Double Crust, recipe above.

For the Filling

  • 6 cups thinly sliced peeled McIntosh apples (about 2 pounds)
  • 6 cups thinly sliced peeled Granny Smith apples (about 2 pounds)
  • 2/3 cup packed light brown sugar
  • 1 tablespoon lemon juice
  • 1 teaspoon ground cinnamon
  • 1/8 teaspoon ground nutmeg
  • Pinch of ground allspice
  • Pinch of salt
  • 2 tablespoons all-purpose flour

Topping (optional)

  • 1 teaspoon milk
  • 1 tablespoon coarse sugar
  • 1/4 teaspoon ground cinnamon

Directions

To prepare filling:

Combine apples, brown sugar, lemon juice, 1 teaspoon cinnamon, nutmeg, allspice, flour and salt in a large bowl.
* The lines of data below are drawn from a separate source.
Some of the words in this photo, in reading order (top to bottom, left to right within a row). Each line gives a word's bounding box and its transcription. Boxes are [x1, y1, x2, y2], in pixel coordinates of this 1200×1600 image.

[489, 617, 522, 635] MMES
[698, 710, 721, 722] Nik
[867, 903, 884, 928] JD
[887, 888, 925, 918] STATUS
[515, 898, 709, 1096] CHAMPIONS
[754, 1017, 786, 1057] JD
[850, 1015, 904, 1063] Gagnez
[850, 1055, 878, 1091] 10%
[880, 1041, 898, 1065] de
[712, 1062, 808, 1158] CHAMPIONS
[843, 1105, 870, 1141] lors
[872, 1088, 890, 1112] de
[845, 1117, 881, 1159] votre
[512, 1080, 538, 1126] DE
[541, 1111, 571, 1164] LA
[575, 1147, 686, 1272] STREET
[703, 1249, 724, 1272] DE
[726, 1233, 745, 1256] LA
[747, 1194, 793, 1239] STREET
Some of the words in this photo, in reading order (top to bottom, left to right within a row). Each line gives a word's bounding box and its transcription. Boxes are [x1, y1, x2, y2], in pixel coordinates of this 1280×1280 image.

To assemble & bake the pie:

Position a rack in the lower third of the oven; preheat to 425°F.

Roll out half of the dough as directed in the recipe above and invert the dough into a 9 1/2-inch deep-dish pie pan. Pour the filling into the crust, mounding it higher in the center than on the sides of the pan.

Roll out the second crust and invert the dough onto the top of fruit. Tuck the top crust under the bottom crust, sealing the two together and making a rolled edge. Flute the edge with your fingers.

Combine the coarse sugar and the cinnamon in a small bowl. Brush the top crust with the milk and sprinkle with the cinnamon-sugar. Cut 6 steam vents in the top crust.

Bake the pie for 20 minutes; reduce the oven temperature to 375°F and continue baking until the crust is golden brown and the filling is bubbling, about 35 minutes more.

Let cool on a wire rack for about 1 1/2 hours before serving.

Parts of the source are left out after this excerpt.